Sun, 21 October 2012 21:34
by Jemima Beukes

The Namibia Qualification Authority (NQA) does not accredit foreign qualifications or training institutions if they are not registered in Namibia, Polli Andima, Head of Accreditation at the NQA said last week.
Andima made these remarks to clear up the confusion surrounding the accreditation of internationally recognised courses through local educational training centres or colleges like Monitronics.
“We do not accredit foreign institutions or foreign courses or qualifications only the ones registered in Namibia. What we normally do is tell clients who want to pursue foreign qualifications to double check with us whether or not those qualifications are quality assured in their countries of origin,” Andima said.
He also said that students who have foreign qualifications should take them for an evaluation by the NQA.
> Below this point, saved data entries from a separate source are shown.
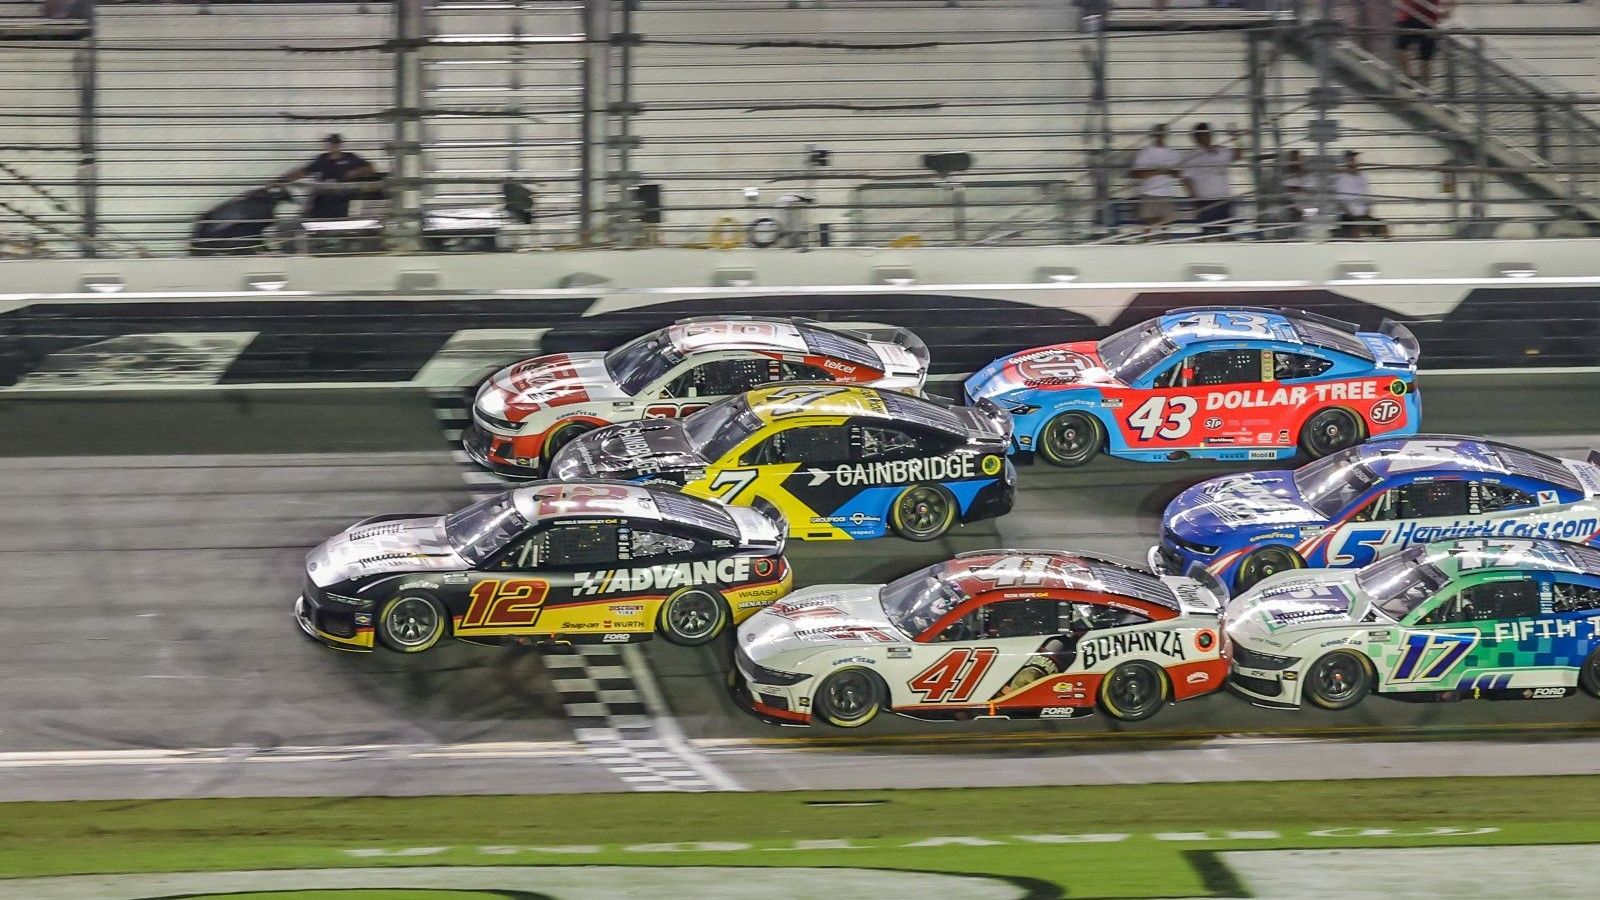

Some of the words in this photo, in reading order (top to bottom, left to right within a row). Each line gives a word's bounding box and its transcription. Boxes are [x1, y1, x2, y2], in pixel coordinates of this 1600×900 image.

[824, 360, 856, 374] telcel
[1206, 386, 1307, 411] DOLLAR
[1313, 381, 1377, 401] TREE
[1127, 395, 1199, 442] 43
[1205, 418, 1222, 431] STP
[1373, 402, 1400, 422] STP
[836, 455, 976, 486] GAINBRIDGE
[709, 469, 758, 506] 7
[1327, 529, 1393, 567] 5
[605, 557, 750, 594] ADVANCE
[458, 577, 549, 630] 12
[738, 589, 778, 598] WABASH
[560, 621, 600, 629] Snap-on
[1495, 618, 1576, 643] FIFTH
[1083, 631, 1186, 669] BONANZA
[1391, 629, 1481, 684] 17
[908, 647, 999, 704] 41
[1534, 687, 1566, 695] FORD
[1041, 707, 1074, 716] FORD
[339, 831, 1281, 857] DAYTONA
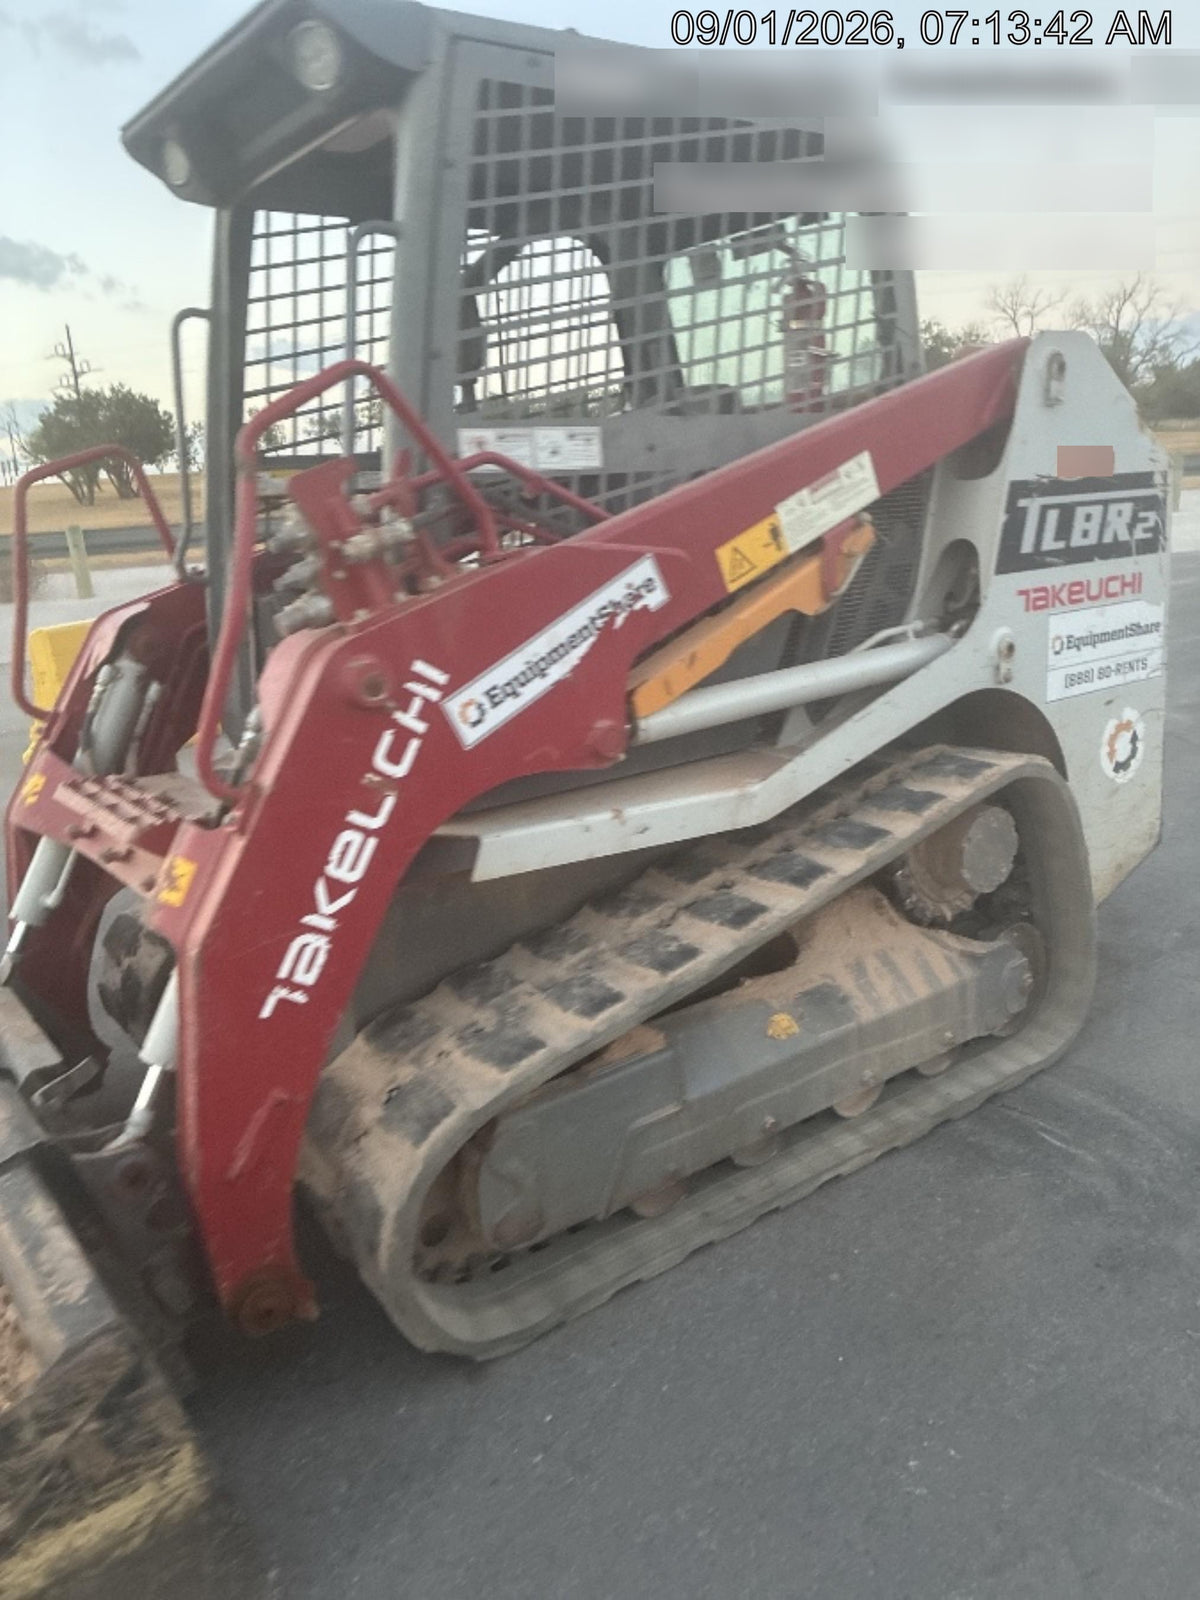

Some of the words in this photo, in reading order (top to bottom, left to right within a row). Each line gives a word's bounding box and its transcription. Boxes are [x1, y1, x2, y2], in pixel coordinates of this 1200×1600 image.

[1017, 488, 1160, 554] TL8R2
[1016, 572, 1142, 612] TAKEUCHI
[1066, 622, 1161, 651] EquipmentShare
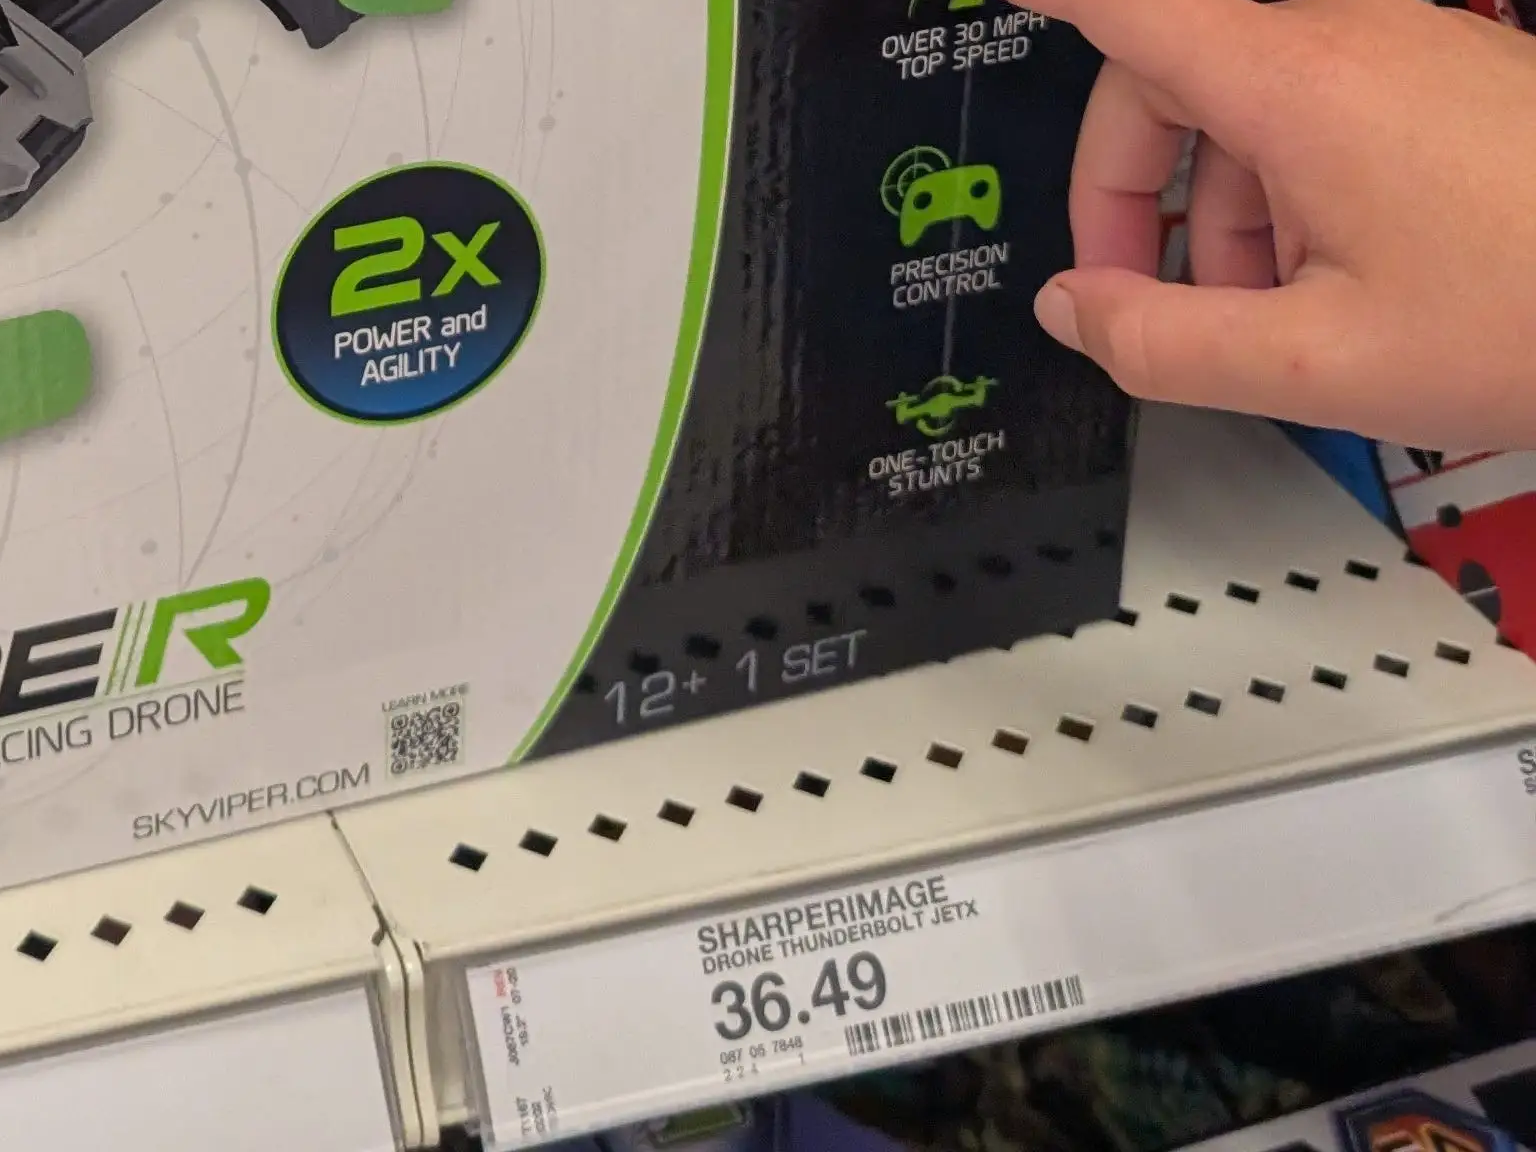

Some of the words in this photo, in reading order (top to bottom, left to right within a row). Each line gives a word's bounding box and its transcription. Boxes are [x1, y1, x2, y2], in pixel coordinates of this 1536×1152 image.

[882, 26, 947, 59] OVER
[954, 20, 984, 46] 30
[993, 10, 1049, 38] MPH
[896, 53, 947, 80] TOP
[952, 36, 1032, 71] SPEED
[891, 242, 1010, 285] PRECISION
[893, 269, 1004, 309] CONTROL
[333, 316, 431, 359] POWER
[440, 304, 487, 337] and
[359, 342, 462, 387] AGILITY
[868, 429, 1006, 481] ONE-TOUCH
[887, 458, 982, 498] STUNTS
[381, 691, 428, 714] LEARN
[430, 681, 470, 703] MORE
[604, 671, 706, 726] 12+
[735, 650, 759, 693] 1
[781, 630, 868, 683] SET
[108, 679, 246, 741] DRONE
[132, 762, 371, 840] SKYVIPER.COM
[697, 875, 948, 956] SHARPERIMAGE
[702, 943, 774, 976] DRONE
[778, 913, 925, 960] THUNDERBOLT
[930, 898, 980, 928] JETX
[711, 950, 887, 1042] 36.49
The principal of Monitronics, Daniel Nyaungwa said it is important for people to understand the difference between the recognition and accreditation of courses.
“Monitronics is merely a teaching centre for courses from internationally recognised institutions that have all been accredited by the qualification boards of their countries,” he said.
Nyaungwa added that they usually urge their students to go to the NQA should they have any doubt about any course offered by Monitronics.
“Whenever our students are in doubt, we usually give them a form to take to NQA who can indicate to them whether or not the course will be recognised in Namibia upon completion,” he said, adding that they are now pushing for NQA to have a list of courses offered through his college as well as elaborate information regarding them.
He further pointed out that the delay in processing and administering application is becoming a serious headache since courses change over time to adapt to the change in technologies and trends.
“We sent an application to the NQA in 2002 requesting to have our courses accredited but they only responded in 2007 and only issued us with a certificate of accreditation in 2010. “Imagine if I applied for accreditation for an IT course and only got a response after 10 years! How could we be innovative in our teaching and lecturing when we have to wait for 10 years for that course to be accredited to teach a new software? By the time we get a response, that particular software will have been outdated,” Nyaungwa said.